§ **Exercise prompt**:
Extract the text of every entry below exactly; leave images out.

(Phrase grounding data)
◇ ◇ ◇ ◇
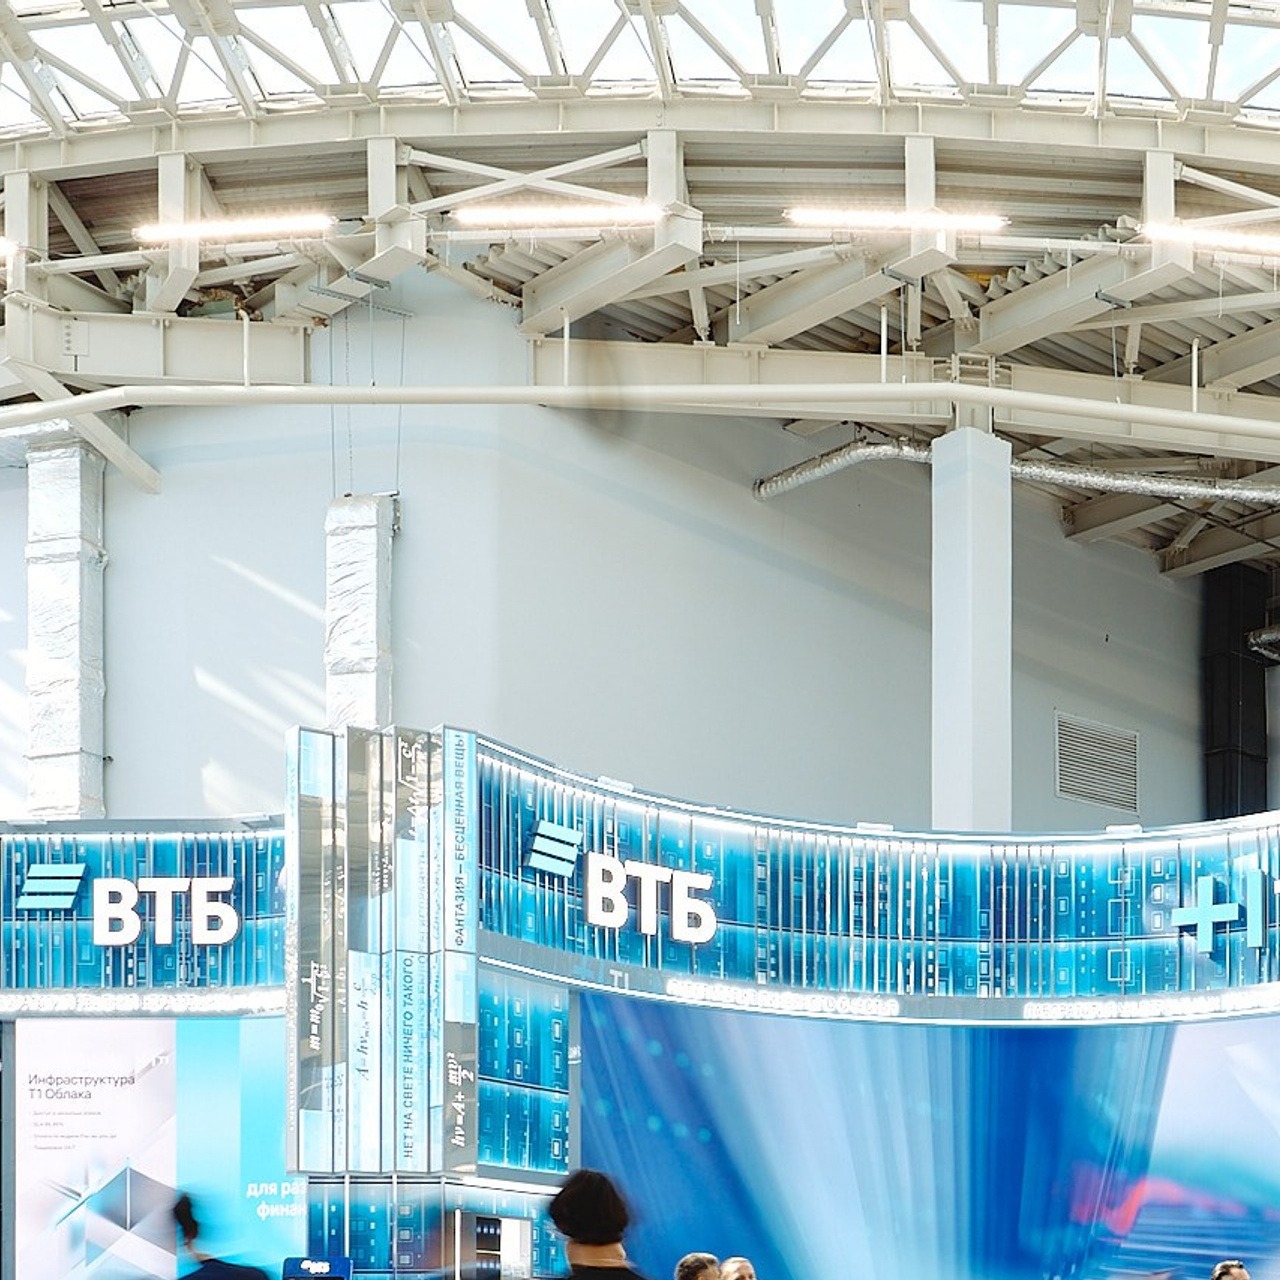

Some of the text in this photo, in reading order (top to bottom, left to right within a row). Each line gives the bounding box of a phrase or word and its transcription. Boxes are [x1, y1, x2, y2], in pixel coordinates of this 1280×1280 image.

[453, 734, 466, 778] ВЕЩЬ!
[453, 781, 467, 861] БЕСЦЕННАЯ
[92, 877, 240, 946] ВТБ
[453, 876, 466, 947] ФАНТАЗИЯ
[583, 850, 718, 944] ВТБ
[28, 1073, 136, 1087] Инфраструктура
[403, 955, 415, 1159] НЕТ НА СВЕТЕ НИЧЕГО ТАКОГО,
[45, 1087, 92, 1100] Облака
[247, 1181, 278, 1198] для
◇ ◇ ◇ ◇
§ **Task output**:
Some of the text in this photo, in reading order (top to bottom, left to right within a row). Each line gives the bounding box of a phrase or word and its transcription. Boxes are [x1, y1, x2, y2], in pixel coordinates of this 1280×1280 image.

[453, 734, 466, 778] ВЕЩЬ!
[453, 781, 467, 861] БЕСЦЕННАЯ
[92, 877, 240, 946] ВТБ
[453, 876, 466, 947] ФАНТАЗИЯ
[583, 850, 718, 944] ВТБ
[28, 1073, 136, 1087] Инфраструктура
[403, 955, 415, 1159] НЕТ НА СВЕТЕ НИЧЕГО ТАКОГО,
[45, 1087, 92, 1100] Облака
[247, 1181, 278, 1198] для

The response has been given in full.